Many studies suggest that delineating the boundaries between people’s professional and personal life is crucial for their mental health. It gives a better feeling at work and commitment to it. Therefore, remember to:
- set time limits;
- take breaks at work;
- take care of both the mind and body.
4 key steps to stop overworking:
1. Enter the agreed times and procedures
- stick to a regular schedule and keep work close at hand after hours;
- create a specific routine to start and finish work (morning activities like showering, changing pyjamas, eating meals, then running, walking the dog, stretching or meditating);
- try to keep the same times as you log in to the office, so you don’t get overwhelmed by your workload.
2. Learn to say” no”
- learn to say “no” not only to people but also to things;
- try to prioritise work that is important to you.
3. Notify when you are overwhelmed
- report to your employer if you regularly work at full capacity or regularly work overtime;
- have a mechanism to summarise your progress and indicate blockages or delays to superiors;
- document everything you do.
4. Track and document your working time
Time tracking applications can be an idea for keeping time boundaries. Automatically recording time spent at work can make it easier for an employee to keep the job within their abilities and not take on more. It also serves to integrate with the team, helping colleagues and managers to see when someone is overloaded and needs support.
Establishing clear time limits also rests on the employer, allowing the employee organise, coordinate, and manage work pace. The TimesheetKiller application can be such help. It is an artificial intelligence-based time tracking program that will make the employee forget about troublesome duties and will be able to concentrate on their work fully.
Time tracking apps are a way to:
- providing a complete breakdown of productive efforts and useful information on how different long tasks take to improve planning;
- the ability to see what times of the day you are most productive;
- highlight low-value tasks that consume your time excessively;
- enhancing your awareness of how overworked you are so, you can adjust the rest of the week to balance it out;
- experimenting with the schedule (e.g. if you have four overtime hours in the week, you can cut Friday work short and start the weekend earlier).
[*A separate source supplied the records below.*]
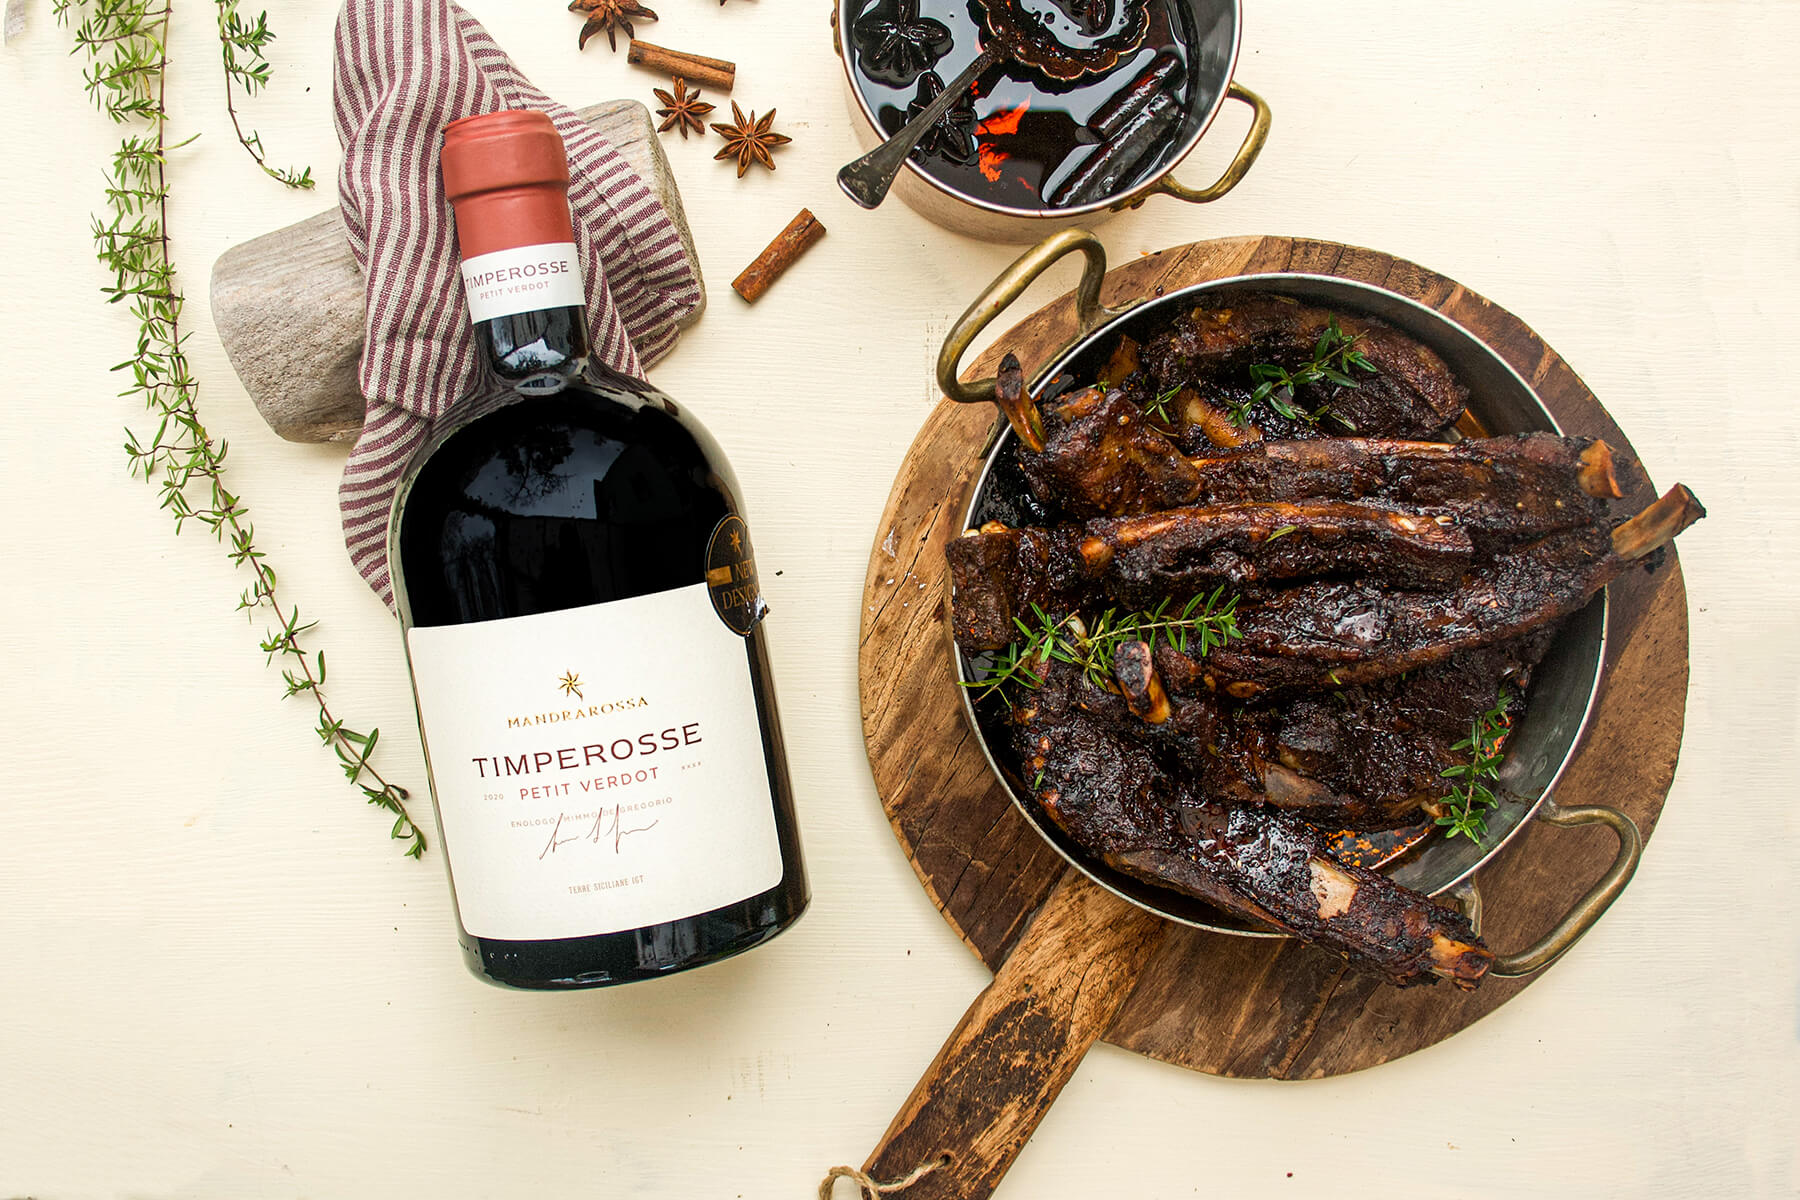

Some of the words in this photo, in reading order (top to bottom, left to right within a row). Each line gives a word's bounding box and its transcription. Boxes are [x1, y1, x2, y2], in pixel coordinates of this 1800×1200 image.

[479, 287, 503, 301] PETIT
[508, 280, 550, 295] VERDOT
[507, 696, 649, 729] MANDRAROSSA
[472, 722, 702, 778] TIMPEROSSE
[483, 792, 504, 801] 2020
[519, 782, 571, 800] PETIT
[580, 766, 659, 793] VERDOT
[511, 816, 556, 828] ENOLOGO
[563, 811, 598, 823] MIMMO
[619, 796, 673, 814] GREGORIO
[568, 885, 590, 895] TERRE
[593, 878, 629, 892] SICILIANE
[631, 874, 645, 885] IGT
The pandemic continues, so employers should still shape and improve working conditions remotely. So that both – companies and their employees – leave it as unscathed and unburdened as possible. It is known that long hours spent at work will not improve much and may lower employees’ efficiency and lead to overwork.
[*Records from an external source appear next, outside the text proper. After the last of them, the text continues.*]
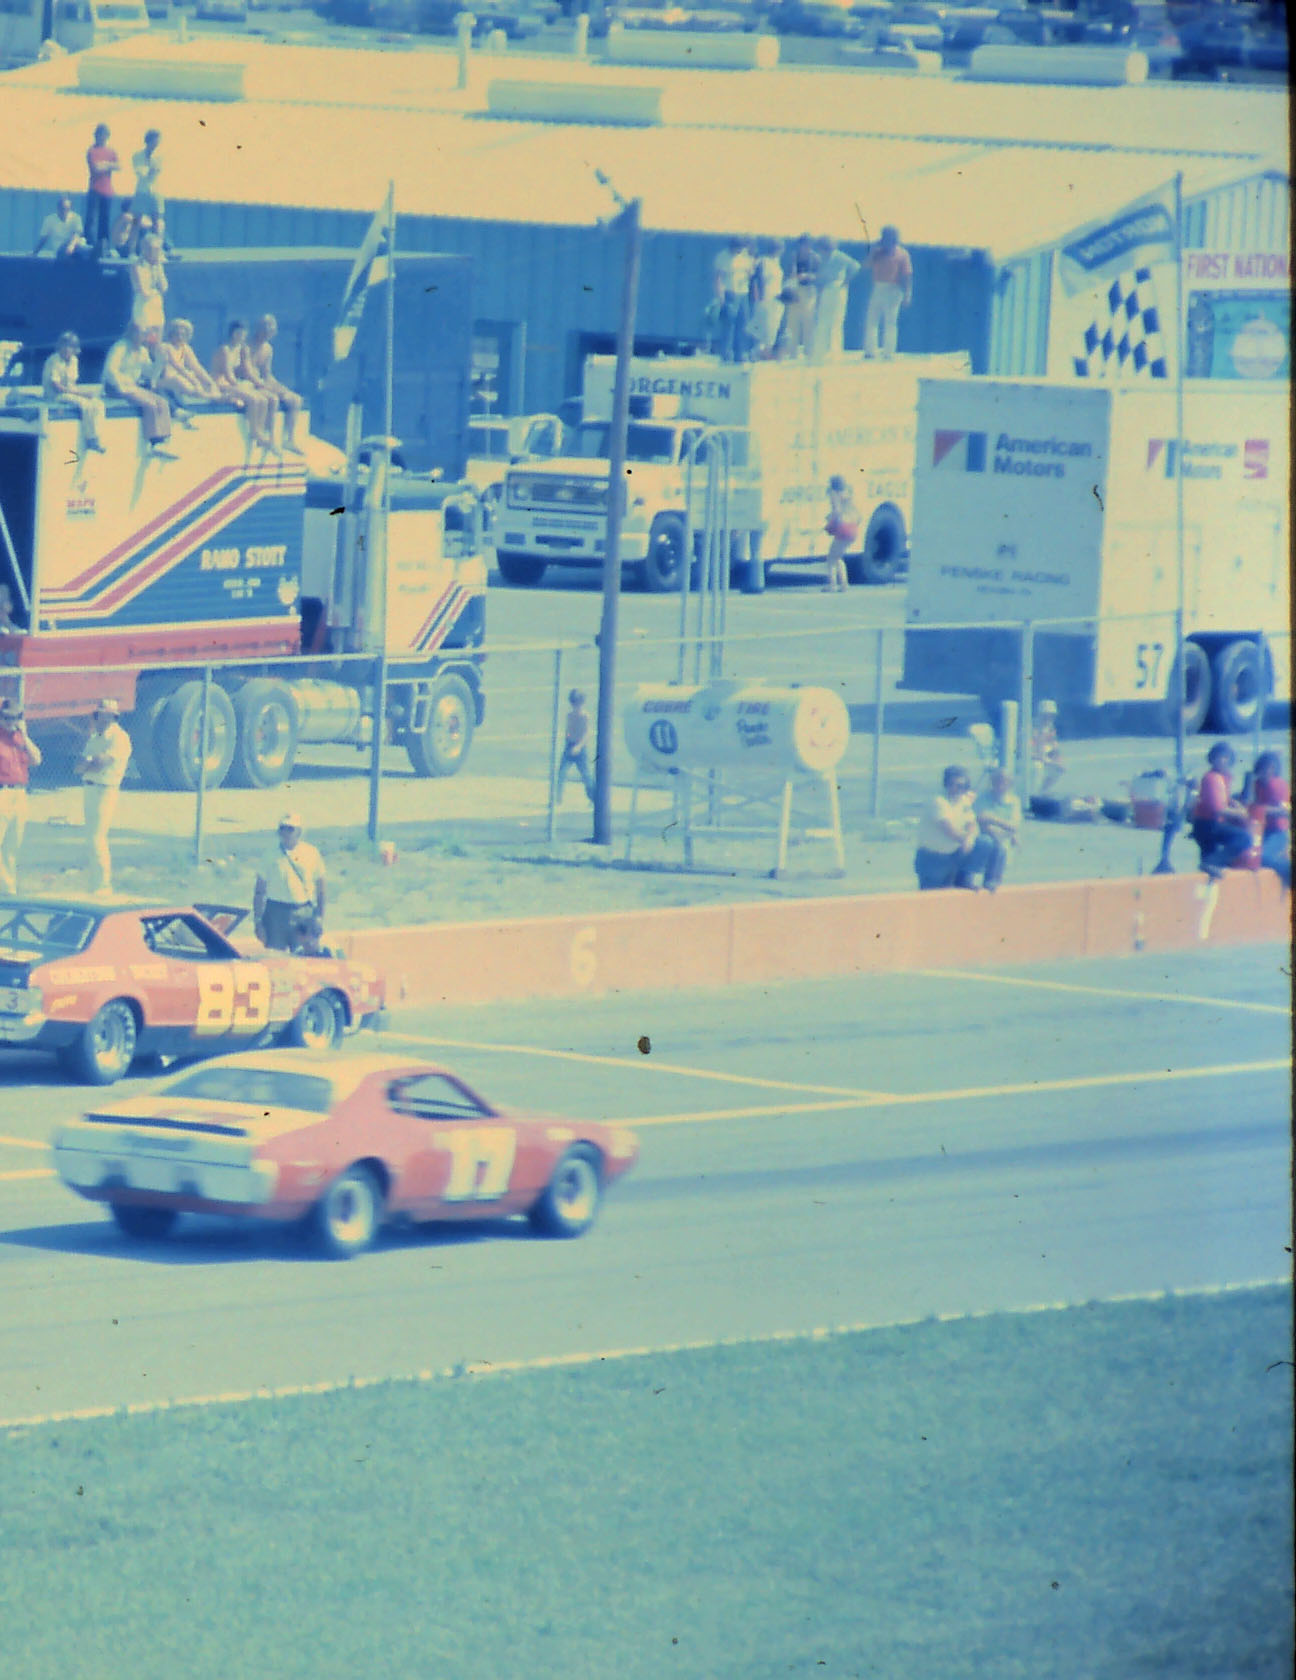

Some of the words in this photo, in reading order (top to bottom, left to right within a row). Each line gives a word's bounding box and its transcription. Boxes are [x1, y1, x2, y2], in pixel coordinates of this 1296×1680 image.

[1188, 253, 1230, 279] FIRST
[996, 433, 1093, 457] American
[993, 455, 1066, 478] Motors
[1136, 643, 1163, 689] 57
[570, 926, 598, 984] 6
[197, 963, 271, 1035] 83
According to Project Management Institute director of strategy and development, Dave Garrett, identifying and preventing burnout and “zoom fatigue” is becoming an essential task for employers to avoid overwork.
Mental and physical health should be – especially at this time – at the top of the priority list. Employers must be empathetic and sensitive to the line between personal time and working time. It is not only a private matter of employees but also the foundation of the organisation’s success.